Exercise: Beginning with the first line below, output every record verbatim and leave out the images.

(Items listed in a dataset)
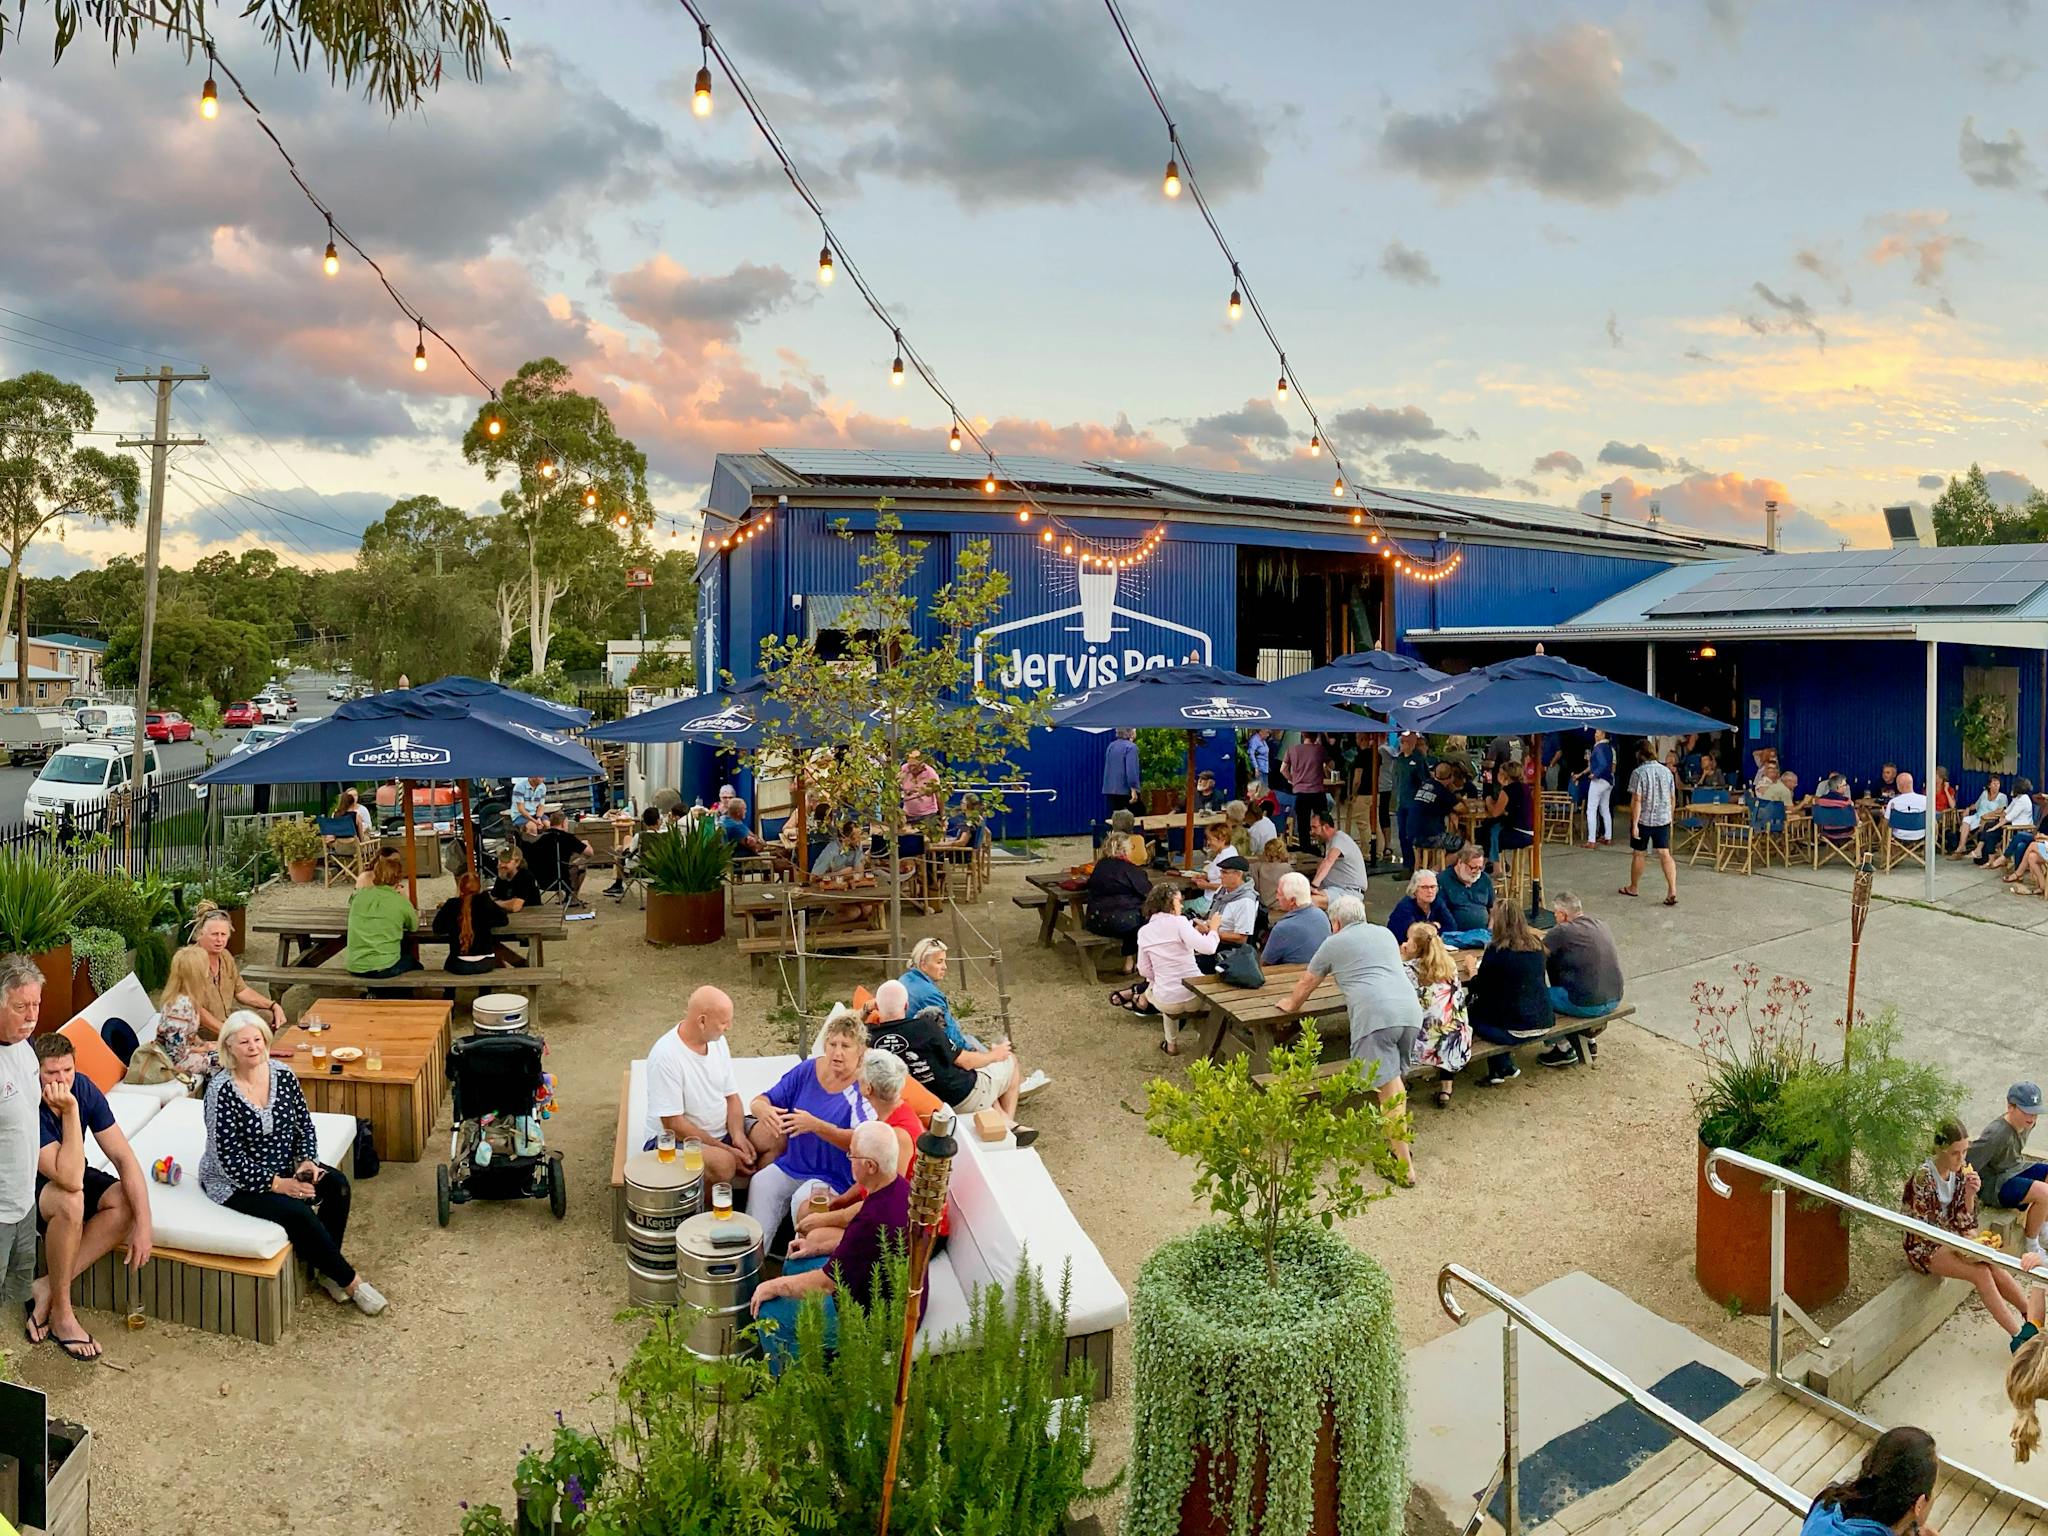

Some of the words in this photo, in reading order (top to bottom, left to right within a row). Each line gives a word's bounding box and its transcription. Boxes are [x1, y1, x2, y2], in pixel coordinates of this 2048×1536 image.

[1000, 645, 1118, 689] Jervis
[1123, 650, 1189, 676] Ba
[358, 750, 409, 762] Jervis
[410, 750, 440, 761] Bay

Result of this exercise:
Some of the words in this photo, in reading order (top to bottom, left to right within a row). Each line gives a word's bounding box and its transcription. Boxes are [x1, y1, x2, y2], in pixel coordinates of this 2048×1536 image.

[1000, 645, 1118, 689] Jervis
[1123, 650, 1189, 676] Ba
[358, 750, 409, 762] Jervis
[410, 750, 440, 761] Bay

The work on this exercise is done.